27 de outubro de 2014

Do Contrato Social

"IV – Da democracia.

Quem faz a lei sabe melhor que ninguém como deve ser ela executada e interpretada. Parece, pois, que não se poderia ter melhor constituição que essa em que o poder executivo está unido ao legislativo; mas é justamente isso que torna esse governo sob certos aspectos insuficiente, uma vez que as coisas que deveriam ser diferenciadas não o são, e o príncipe e o soberano, sendo a mesma pessoa, não formam, por assim dizer, senão um governo sem governo.

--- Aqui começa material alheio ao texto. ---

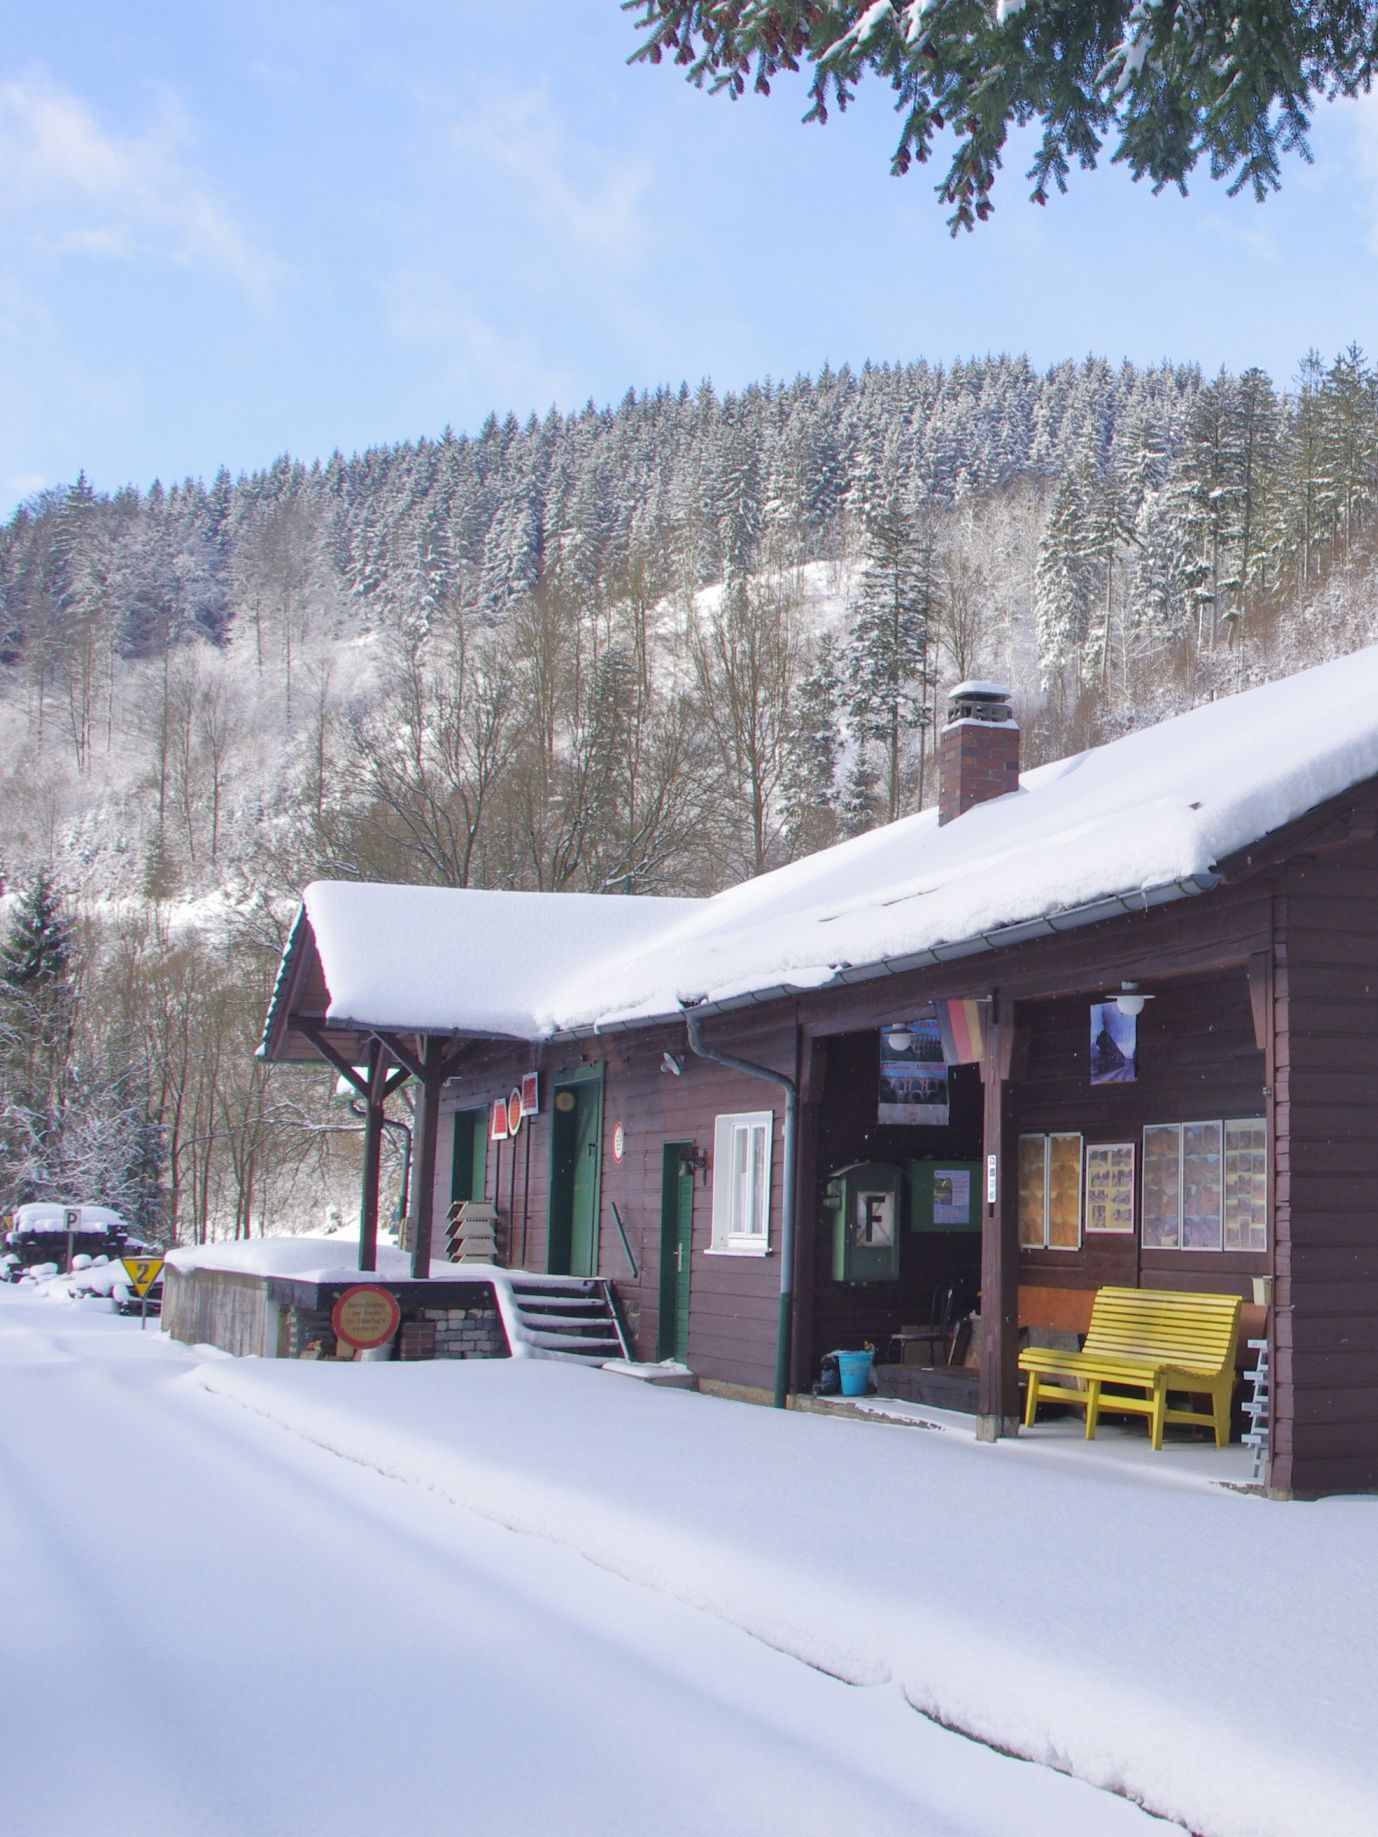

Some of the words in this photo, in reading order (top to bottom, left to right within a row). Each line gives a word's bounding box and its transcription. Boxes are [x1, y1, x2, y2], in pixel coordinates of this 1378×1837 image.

[67, 1212, 78, 1229] P
[866, 1196, 886, 1242] F
[136, 1263, 149, 1284] 2

Não é conveniente que quem redija as leis as execute, nem que o corpo do povo desvie a atenção dos alvos gerais para a concentrar nos objetos particulares. Nada é mais perigoso que a influência dos interesses privados nos negócios públicos; e o abuso das leis por parte do governo constitui um mal menor que a corrupção por parte do legislador, continuação infalível dos alvos particulares. Então, alterado o Estado em sua substância, toda reforma se torna impossível. Um povo que jamais abusaria do governo, também jamais abusaria da independência; um povo que sempre governasse bem, não teria necessidade de ser governado.

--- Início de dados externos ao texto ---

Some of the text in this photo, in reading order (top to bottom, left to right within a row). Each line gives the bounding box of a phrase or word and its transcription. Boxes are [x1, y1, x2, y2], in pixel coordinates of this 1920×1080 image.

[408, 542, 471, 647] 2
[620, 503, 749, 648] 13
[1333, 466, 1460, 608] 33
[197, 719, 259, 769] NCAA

Rigorosamente falando, nunca existiu verdadeira democracia nem jamais existirá. Contraria a ordem natural o grande número governar, e ser o pequeno governado. É impossível admitir esteja o povo incessantemente reunido para cuidar dos negócios públicos; e é fácil de ver que não poderia ele estabelecer comissões para isso, sem mudar a forma da administração.

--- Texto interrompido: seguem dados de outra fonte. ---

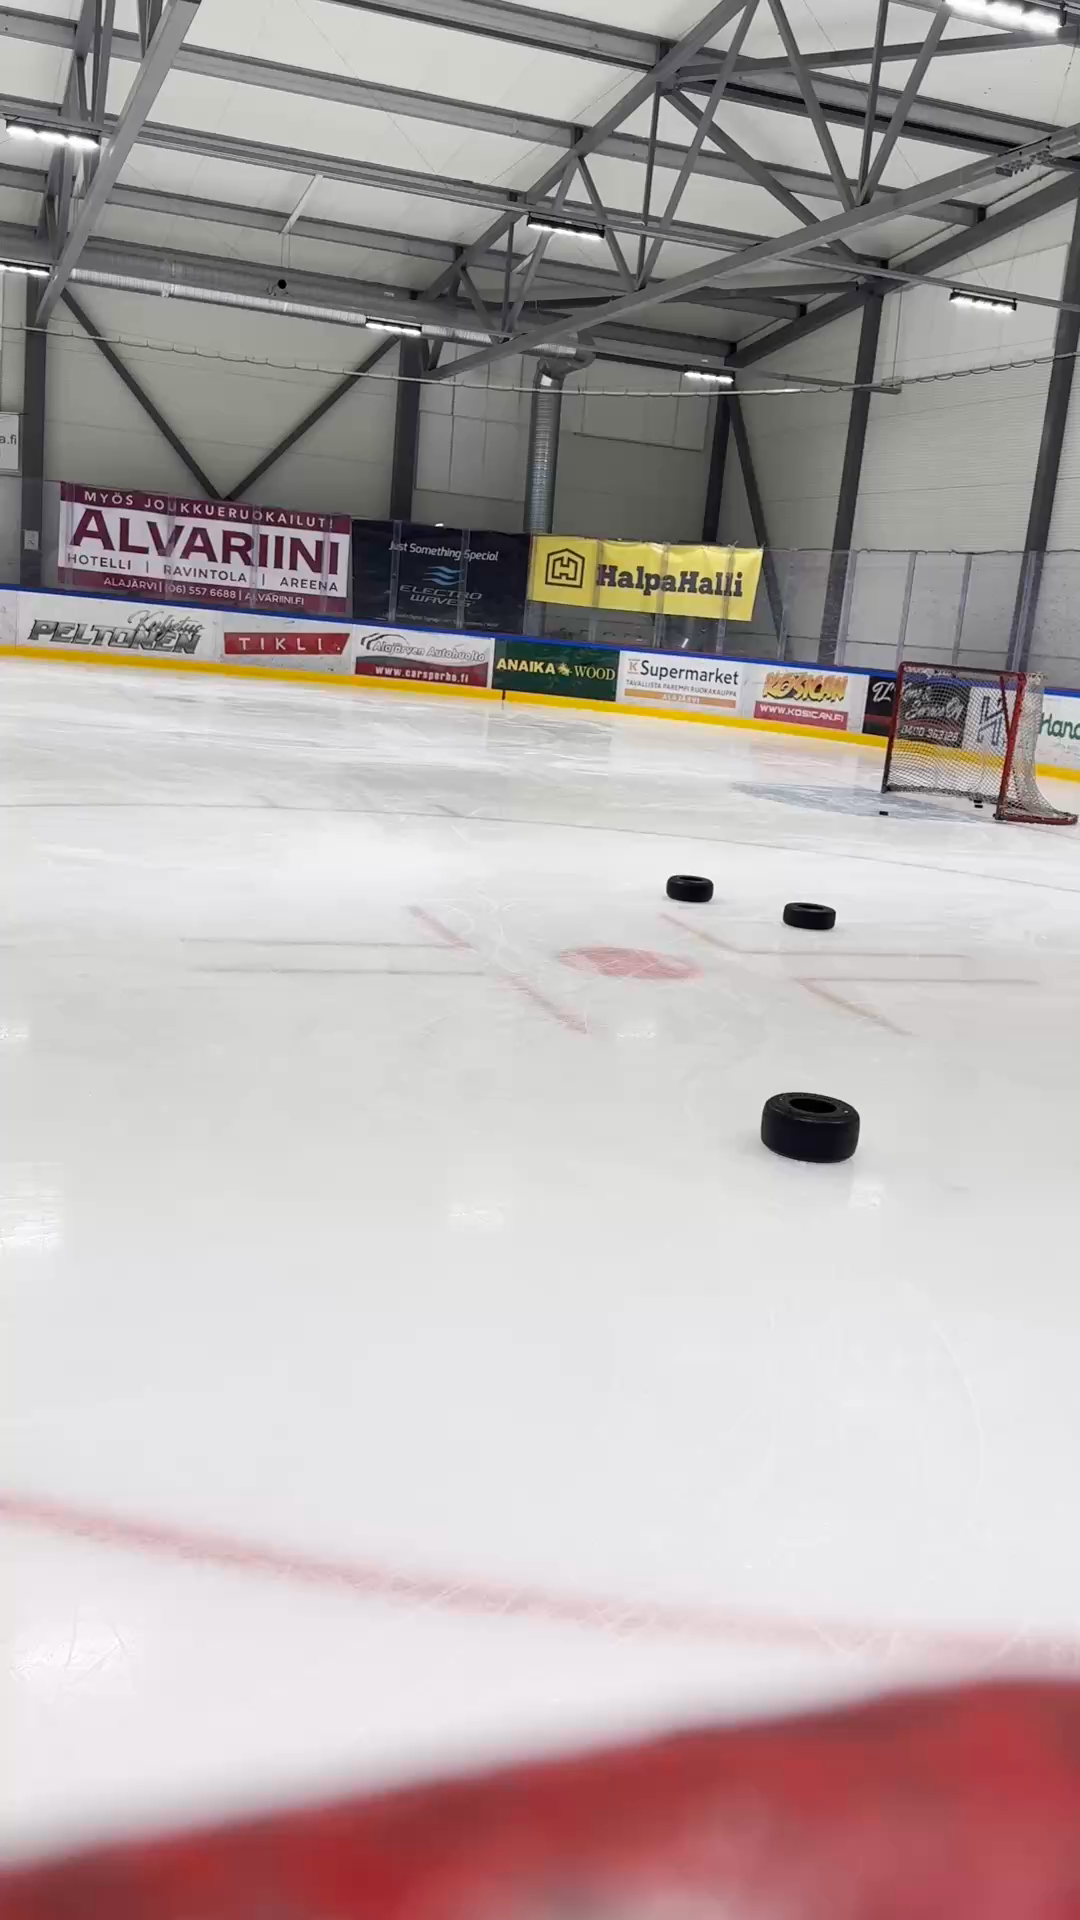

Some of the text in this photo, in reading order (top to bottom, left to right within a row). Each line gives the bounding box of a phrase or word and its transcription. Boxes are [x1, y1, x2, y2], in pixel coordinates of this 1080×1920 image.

[84, 491, 134, 506] MYÖS
[69, 508, 340, 575] ALVARIINI
[388, 541, 499, 562] Just Something Special
[67, 553, 338, 592] HOTELLI RAVINTOLA AREENA
[597, 564, 743, 597] HalpaHalli
[165, 584, 186, 595] (06)
[189, 586, 207, 596] 557
[209, 589, 236, 599] 6688
[245, 592, 304, 605] AVARIINI.FI
[27, 619, 201, 654] PELTONEN
[373, 641, 486, 661] Alajärven Autohuolto
[496, 657, 616, 681] ANAIKA WOOD
[640, 659, 739, 686] Supermarket
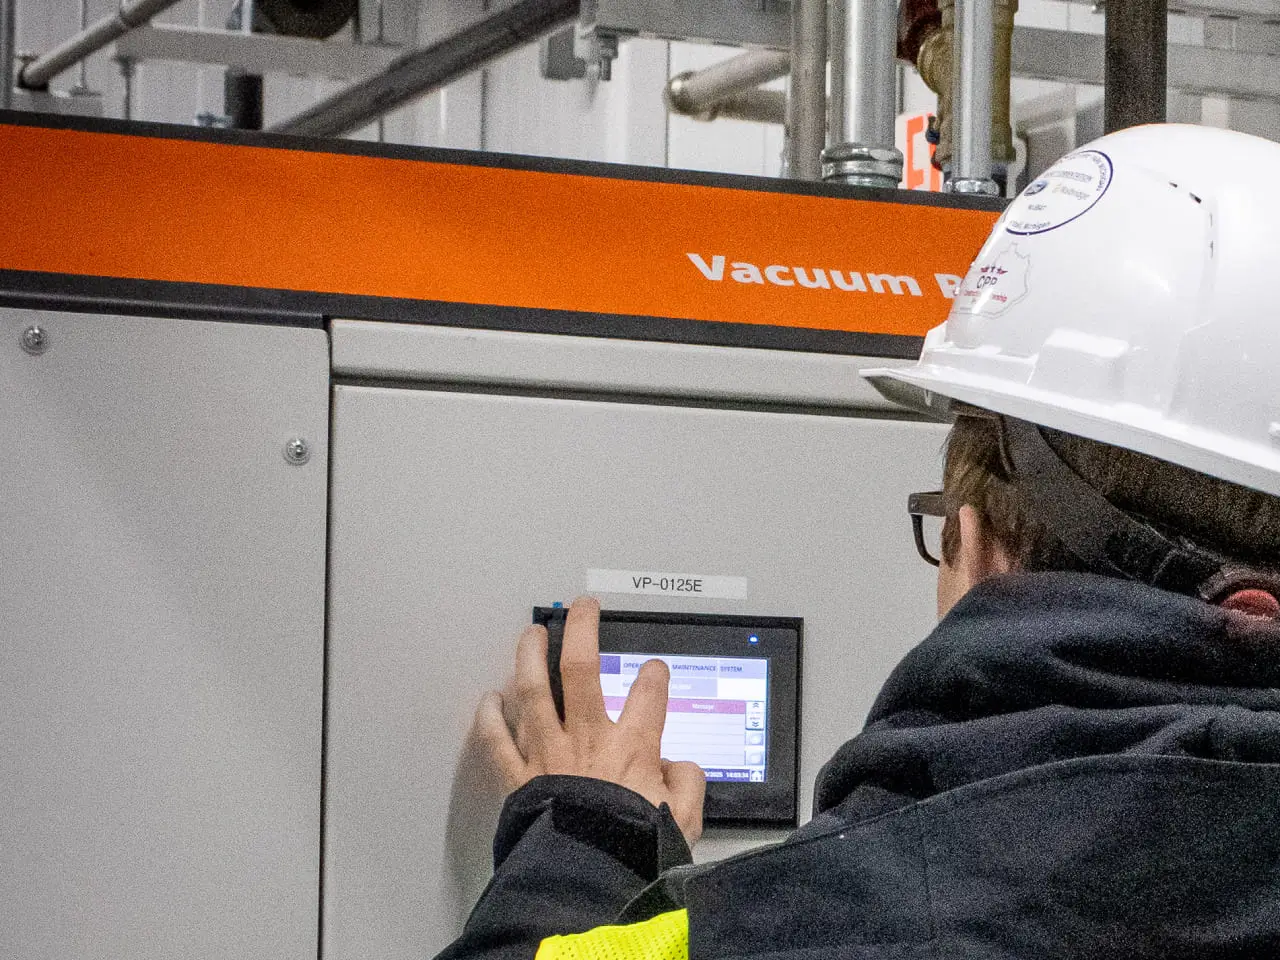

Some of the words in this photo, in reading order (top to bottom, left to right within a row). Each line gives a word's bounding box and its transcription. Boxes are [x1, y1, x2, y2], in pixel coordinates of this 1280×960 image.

[686, 252, 923, 297] Vacuum
[633, 576, 702, 593] VP-0125E
[672, 664, 717, 672] MAINTENANCE

Creio, com efeito, poder assentar em princípio que, quando as funções governamentais são partilhadas entre diversos tribunais, os menos numerosos adquirem cedo ou tarde a maior autoridade, se por outro motivo não fosse, pela facilidade com que expedem os negócios, ali levados naturalmente.

Ademais, que de coisas difíceis de reunir não supõe tal governo? Primeiramente, um Estado bastante pequeno, em que seja fácil congregar o povo, e onde cada cidadão possa facilmente conhecer todos os outros; em segundo lugar, uma grande simplicidade de costumes, que antecipe a multidão de negócios e as discussões espinhosas; em seguida, bastante igualdade nas classes e nas riquezas, sem o que a igualdade não poderia subsistir muito tempo nos direitos e na autoridade; enfim, pouco ou nenhum luxo; porque ou o luxo é o efeito das riquezas, ou as torna necessárias, já que corrompe ao mesmo tempo ricos e pobres, uns pela posse, outros pela cobiça, vende a pátria à lassidão e à vaidade, e afasta do Estado todos os cidadãos, submetendo-os uns aos outros, e todos à opinião.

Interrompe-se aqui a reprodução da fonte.